**Records supplied**
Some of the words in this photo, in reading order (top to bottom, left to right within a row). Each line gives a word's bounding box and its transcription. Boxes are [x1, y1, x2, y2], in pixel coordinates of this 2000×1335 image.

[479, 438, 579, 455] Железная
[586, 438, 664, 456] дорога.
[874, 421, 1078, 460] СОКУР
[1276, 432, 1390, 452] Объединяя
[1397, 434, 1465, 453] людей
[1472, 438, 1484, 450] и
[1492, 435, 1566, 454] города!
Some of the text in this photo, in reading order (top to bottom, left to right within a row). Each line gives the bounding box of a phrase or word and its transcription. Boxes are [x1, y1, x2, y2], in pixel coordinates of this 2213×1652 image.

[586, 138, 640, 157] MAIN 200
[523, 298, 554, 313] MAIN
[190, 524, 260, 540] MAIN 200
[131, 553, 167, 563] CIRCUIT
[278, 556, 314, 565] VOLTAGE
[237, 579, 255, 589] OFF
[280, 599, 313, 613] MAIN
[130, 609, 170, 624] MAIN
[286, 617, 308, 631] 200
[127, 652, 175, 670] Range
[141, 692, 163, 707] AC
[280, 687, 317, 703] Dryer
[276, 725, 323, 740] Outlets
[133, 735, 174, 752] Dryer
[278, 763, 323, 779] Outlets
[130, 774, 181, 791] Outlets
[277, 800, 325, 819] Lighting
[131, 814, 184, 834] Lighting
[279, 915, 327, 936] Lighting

**Task instructions**
Write out the data once more, word for word.

**Exercise output**
Some of the words in this photo, in reading order (top to bottom, left to right within a row). Each line gives a word's bounding box and its transcription. Boxes are [x1, y1, x2, y2], in pixel coordinates of this 2000×1335 image.

[479, 438, 579, 455] Железная
[586, 438, 664, 456] дорога.
[874, 421, 1078, 460] СОКУР
[1276, 432, 1390, 452] Объединяя
[1397, 434, 1465, 453] людей
[1472, 438, 1484, 450] и
[1492, 435, 1566, 454] города!
Some of the text in this photo, in reading order (top to bottom, left to right within a row). Each line gives the bounding box of a phrase or word and its transcription. Boxes are [x1, y1, x2, y2], in pixel coordinates of this 2213×1652 image.

[586, 138, 640, 157] MAIN 200
[523, 298, 554, 313] MAIN
[190, 524, 260, 540] MAIN 200
[131, 553, 167, 563] CIRCUIT
[278, 556, 314, 565] VOLTAGE
[237, 579, 255, 589] OFF
[280, 599, 313, 613] MAIN
[130, 609, 170, 624] MAIN
[286, 617, 308, 631] 200
[127, 652, 175, 670] Range
[141, 692, 163, 707] AC
[280, 687, 317, 703] Dryer
[276, 725, 323, 740] Outlets
[133, 735, 174, 752] Dryer
[278, 763, 323, 779] Outlets
[130, 774, 181, 791] Outlets
[277, 800, 325, 819] Lighting
[131, 814, 184, 834] Lighting
[279, 915, 327, 936] Lighting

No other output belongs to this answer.